(Beginning of STORED DATA)

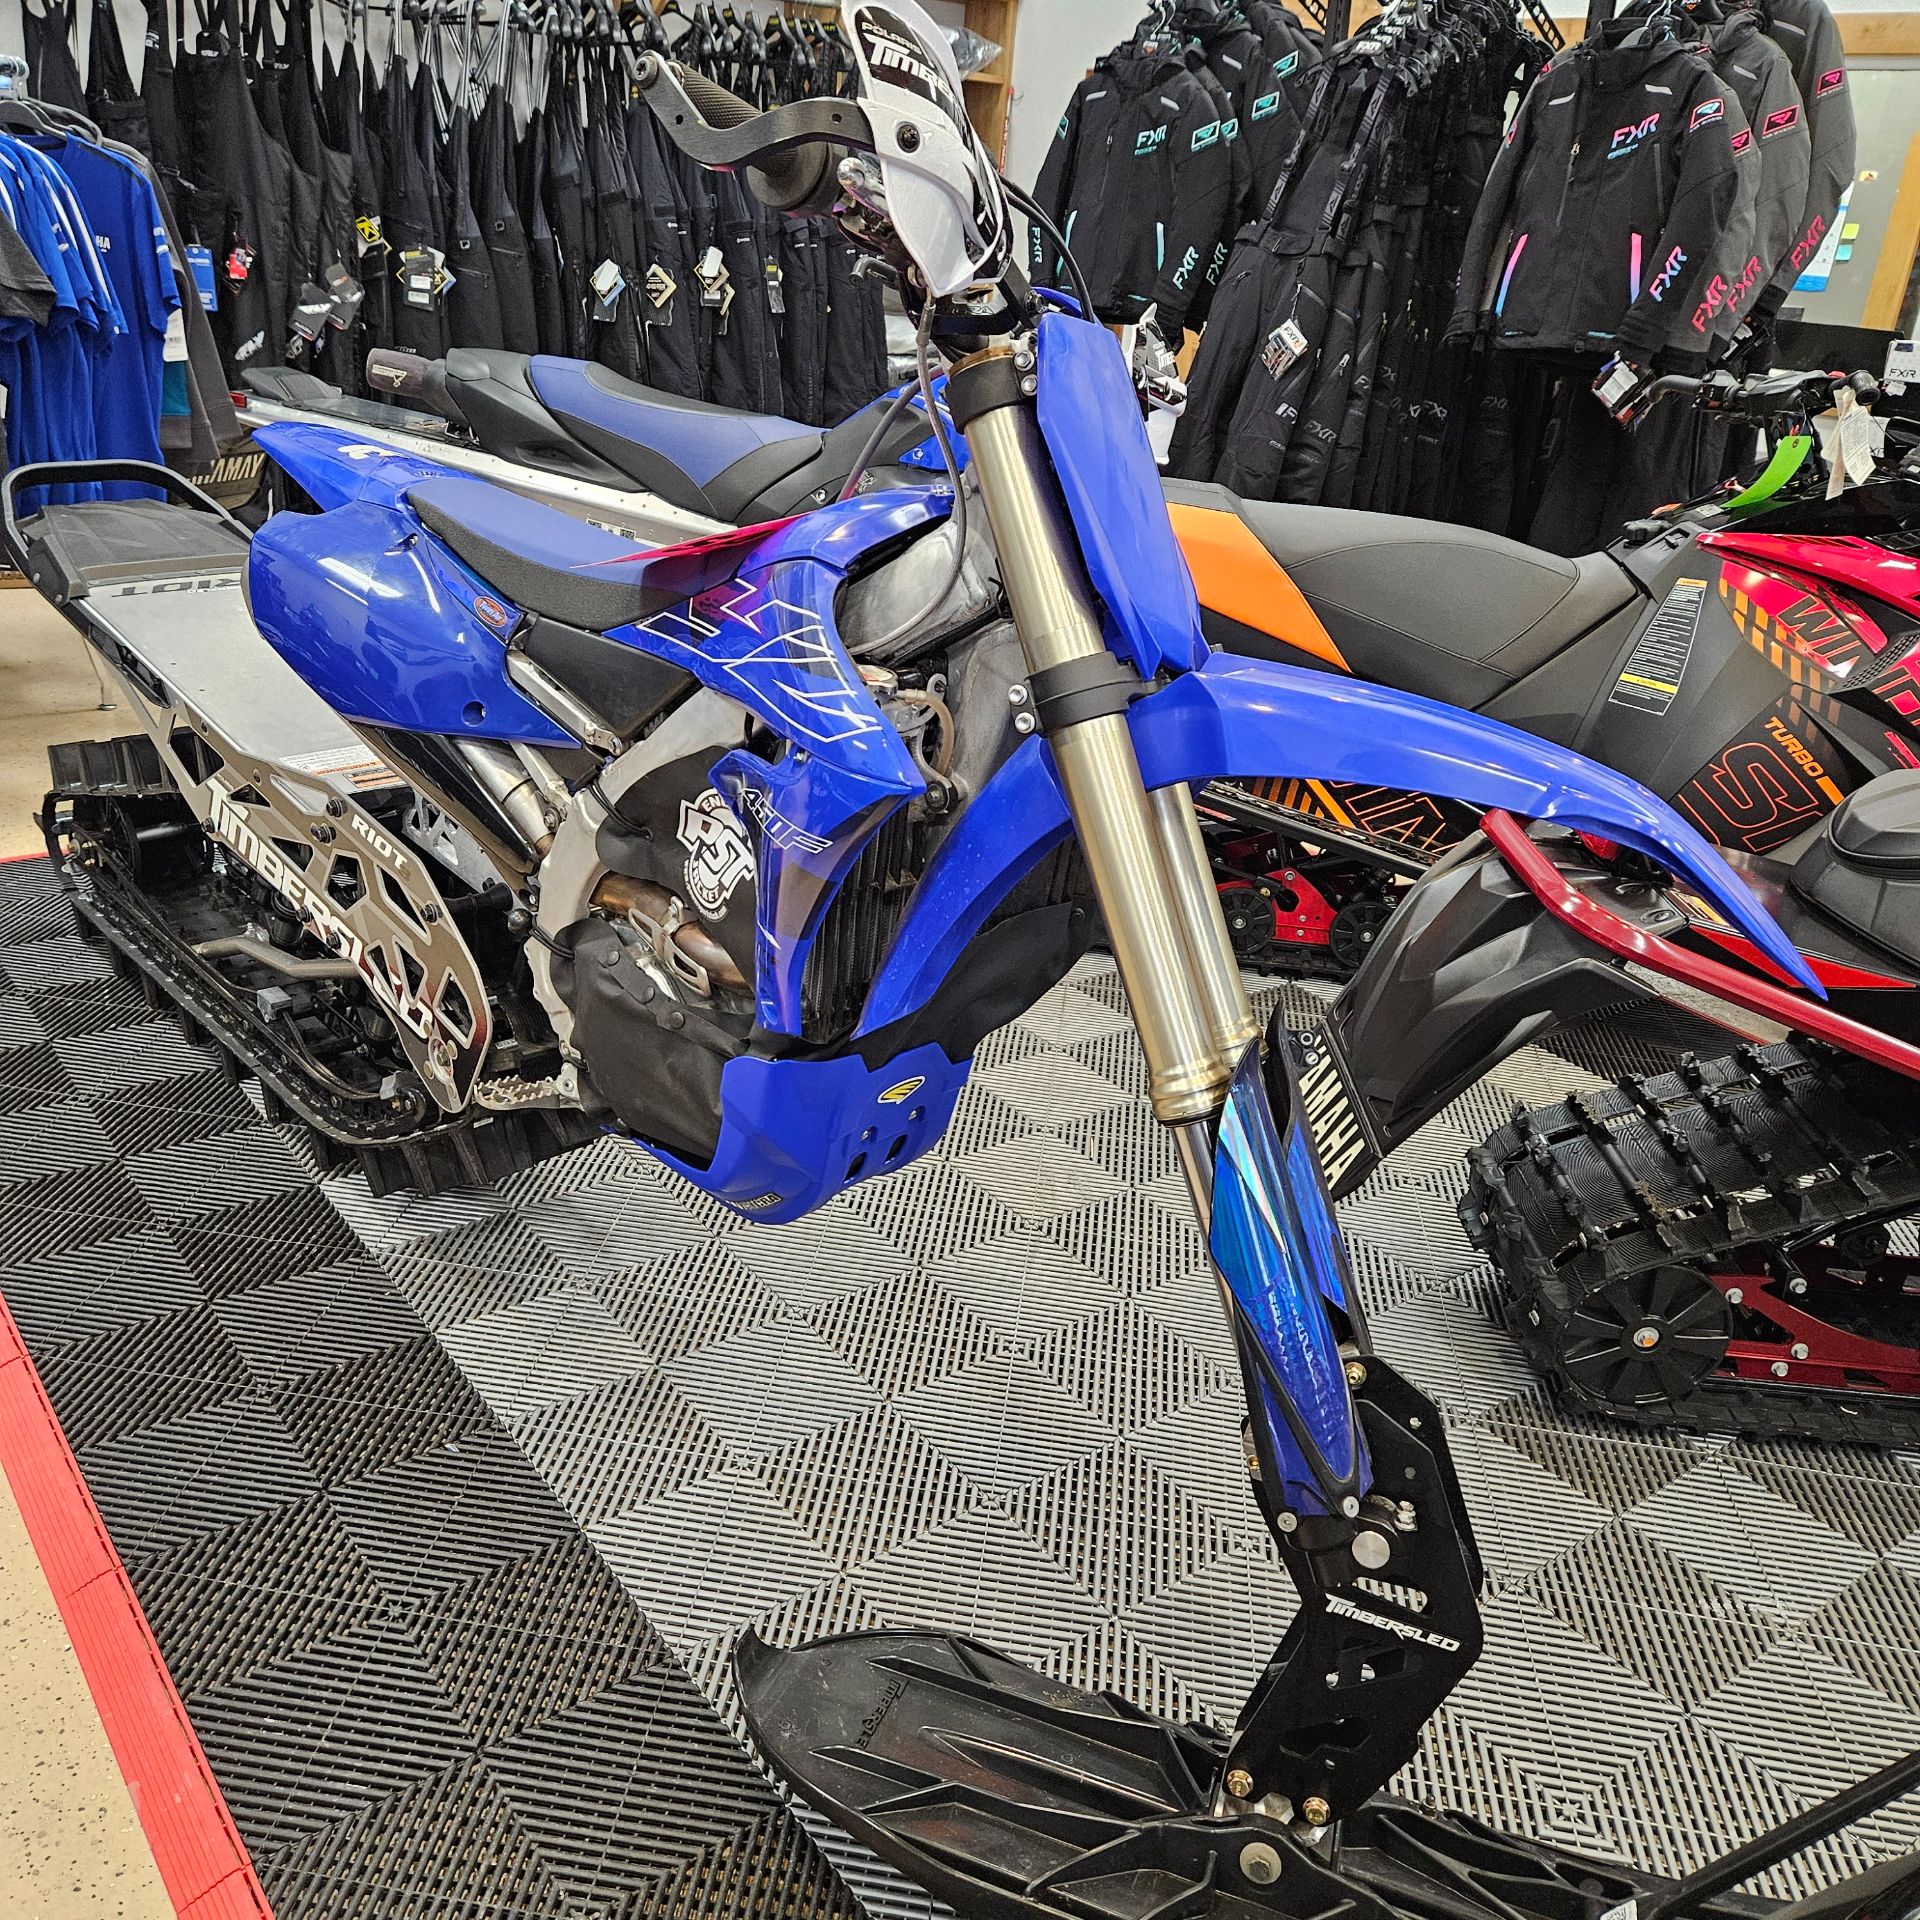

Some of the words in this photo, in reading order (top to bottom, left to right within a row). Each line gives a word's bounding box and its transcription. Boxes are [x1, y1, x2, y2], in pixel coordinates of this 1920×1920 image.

[861, 21, 922, 55] POLARIS
[1136, 124, 1168, 149] FXR
[1610, 112, 1661, 149] FXR
[1032, 227, 1044, 263] FXR
[1172, 245, 1200, 291] FXR
[1206, 242, 1229, 287] FXR
[1790, 215, 1826, 271] FXR
[1649, 245, 1688, 302] FXR
[1726, 255, 1763, 314] FXR
[1691, 274, 1728, 333] FXR
[1889, 368, 1917, 379] FXR
[1764, 716, 1824, 777] TURBO
[351, 813, 408, 870] RIOT
[1325, 1592, 1461, 1652] TIMBERSLED

(End of STORED DATA)

TASK —
Set out every record exactly, images excluded.

SOLVED EXERCISE —
Some of the words in this photo, in reading order (top to bottom, left to right within a row). Each line gives a word's bounding box and its transcription. Boxes are [x1, y1, x2, y2], in pixel coordinates of this 1920×1920 image.

[861, 21, 922, 55] POLARIS
[1136, 124, 1168, 149] FXR
[1610, 112, 1661, 149] FXR
[1032, 227, 1044, 263] FXR
[1172, 245, 1200, 291] FXR
[1206, 242, 1229, 287] FXR
[1790, 215, 1826, 271] FXR
[1649, 245, 1688, 302] FXR
[1726, 255, 1763, 314] FXR
[1691, 274, 1728, 333] FXR
[1889, 368, 1917, 379] FXR
[1764, 716, 1824, 777] TURBO
[351, 813, 408, 870] RIOT
[1325, 1592, 1461, 1652] TIMBERSLED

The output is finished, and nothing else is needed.